The chipmunk on the bedroom floor

I was showering the other morning when I heard the soft scuttle of paws on hardwood outside the folding door. Nothing alarming, no barks or yips, but just enough bother to make me lean my head out and ask the unanswerable: “Girls?”

I dried off, pulled open the door. Audi was on our bed. Paris was sitting on the floor. Both of them were looking at me expectantly, their heads canted.

“What?”

Then I looked down and saw him, a perfect little fine-furred chipmunk, de-animated in my honor and beautiful in repose. His opened mouth gave him the look of an academic arrested in mid-query, but he appeared untroubled and unmarked despite the single bead of dark blood beside him on the floor. When I wrapped him in tissue and carried him outside he was heavier than I imagined, a hand grenade of blood, bone and suet.

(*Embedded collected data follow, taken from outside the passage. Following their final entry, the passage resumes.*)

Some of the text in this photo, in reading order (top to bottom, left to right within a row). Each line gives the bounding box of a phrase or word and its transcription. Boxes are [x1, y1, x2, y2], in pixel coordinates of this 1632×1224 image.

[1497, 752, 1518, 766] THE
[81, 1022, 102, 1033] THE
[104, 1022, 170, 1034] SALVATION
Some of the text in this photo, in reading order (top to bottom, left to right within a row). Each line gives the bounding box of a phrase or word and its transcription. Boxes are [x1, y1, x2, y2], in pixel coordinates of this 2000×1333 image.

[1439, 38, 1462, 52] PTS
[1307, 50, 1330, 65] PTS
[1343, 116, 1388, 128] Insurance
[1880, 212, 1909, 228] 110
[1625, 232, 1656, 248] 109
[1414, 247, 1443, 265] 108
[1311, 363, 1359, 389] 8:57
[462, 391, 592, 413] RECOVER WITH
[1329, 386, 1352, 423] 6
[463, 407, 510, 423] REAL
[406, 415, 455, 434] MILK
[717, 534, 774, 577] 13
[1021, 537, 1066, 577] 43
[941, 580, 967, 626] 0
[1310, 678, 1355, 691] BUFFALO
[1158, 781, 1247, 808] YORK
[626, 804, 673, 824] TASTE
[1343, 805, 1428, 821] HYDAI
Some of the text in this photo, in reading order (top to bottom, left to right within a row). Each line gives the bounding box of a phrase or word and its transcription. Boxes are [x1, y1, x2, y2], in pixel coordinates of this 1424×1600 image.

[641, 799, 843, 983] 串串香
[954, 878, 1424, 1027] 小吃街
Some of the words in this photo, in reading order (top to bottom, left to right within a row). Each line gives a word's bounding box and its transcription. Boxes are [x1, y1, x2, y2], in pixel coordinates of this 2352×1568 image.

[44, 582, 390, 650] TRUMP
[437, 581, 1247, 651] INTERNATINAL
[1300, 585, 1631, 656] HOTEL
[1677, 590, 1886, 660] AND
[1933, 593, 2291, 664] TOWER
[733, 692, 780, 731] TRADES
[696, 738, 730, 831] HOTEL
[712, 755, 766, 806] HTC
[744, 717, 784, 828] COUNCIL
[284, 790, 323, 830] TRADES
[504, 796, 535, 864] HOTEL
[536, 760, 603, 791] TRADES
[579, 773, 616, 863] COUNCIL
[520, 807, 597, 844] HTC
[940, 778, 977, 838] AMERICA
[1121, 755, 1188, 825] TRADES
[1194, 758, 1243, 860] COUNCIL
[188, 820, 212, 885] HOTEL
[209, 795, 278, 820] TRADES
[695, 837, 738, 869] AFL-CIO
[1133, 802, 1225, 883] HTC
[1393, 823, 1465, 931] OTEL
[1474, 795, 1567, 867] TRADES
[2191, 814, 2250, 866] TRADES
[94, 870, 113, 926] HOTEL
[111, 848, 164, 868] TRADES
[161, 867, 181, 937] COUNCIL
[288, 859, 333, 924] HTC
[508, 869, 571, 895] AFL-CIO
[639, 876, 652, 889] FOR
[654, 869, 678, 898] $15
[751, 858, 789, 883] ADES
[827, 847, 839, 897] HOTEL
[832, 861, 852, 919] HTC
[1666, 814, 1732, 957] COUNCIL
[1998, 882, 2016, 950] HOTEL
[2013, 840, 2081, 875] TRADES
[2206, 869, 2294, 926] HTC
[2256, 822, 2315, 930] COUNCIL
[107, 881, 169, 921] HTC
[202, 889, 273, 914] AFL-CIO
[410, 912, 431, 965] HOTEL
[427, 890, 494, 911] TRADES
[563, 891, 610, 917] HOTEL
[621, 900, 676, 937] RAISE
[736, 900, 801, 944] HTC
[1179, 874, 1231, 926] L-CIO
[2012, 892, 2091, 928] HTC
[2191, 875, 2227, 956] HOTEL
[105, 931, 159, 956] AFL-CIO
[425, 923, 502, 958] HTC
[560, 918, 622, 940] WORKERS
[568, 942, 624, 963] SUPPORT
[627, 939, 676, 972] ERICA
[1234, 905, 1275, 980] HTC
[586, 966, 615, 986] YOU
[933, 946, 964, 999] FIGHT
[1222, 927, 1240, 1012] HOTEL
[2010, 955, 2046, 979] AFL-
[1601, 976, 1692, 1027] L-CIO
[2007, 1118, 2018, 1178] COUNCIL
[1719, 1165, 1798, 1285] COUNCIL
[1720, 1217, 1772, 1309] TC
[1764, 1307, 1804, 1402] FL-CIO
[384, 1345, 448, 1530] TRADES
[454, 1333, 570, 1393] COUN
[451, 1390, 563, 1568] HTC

I wondered if he was the brave little guy from the morning before, the one who almost ran across my shoes as I prepared to take the girls on their morning walk. He moved so light and quick they didn’t register him as he raced behind them, across the deck to the dark safety of a hole. It seemed a risky move to me, but what do I know of calculations forced by instinct? He lived, at least for another day, and had a story if he had the means to tell it.

Why do I hope it wasn’t that particular chipmunk? Because we are the sentimental species, and I found something endearing in the munk’s bold dash. His terror (was it terror?) made me smile. Of all the chipmunks in the world, he was my favorite. But I don’t know if he was the one who became my gift. All chipmunks look alike to me.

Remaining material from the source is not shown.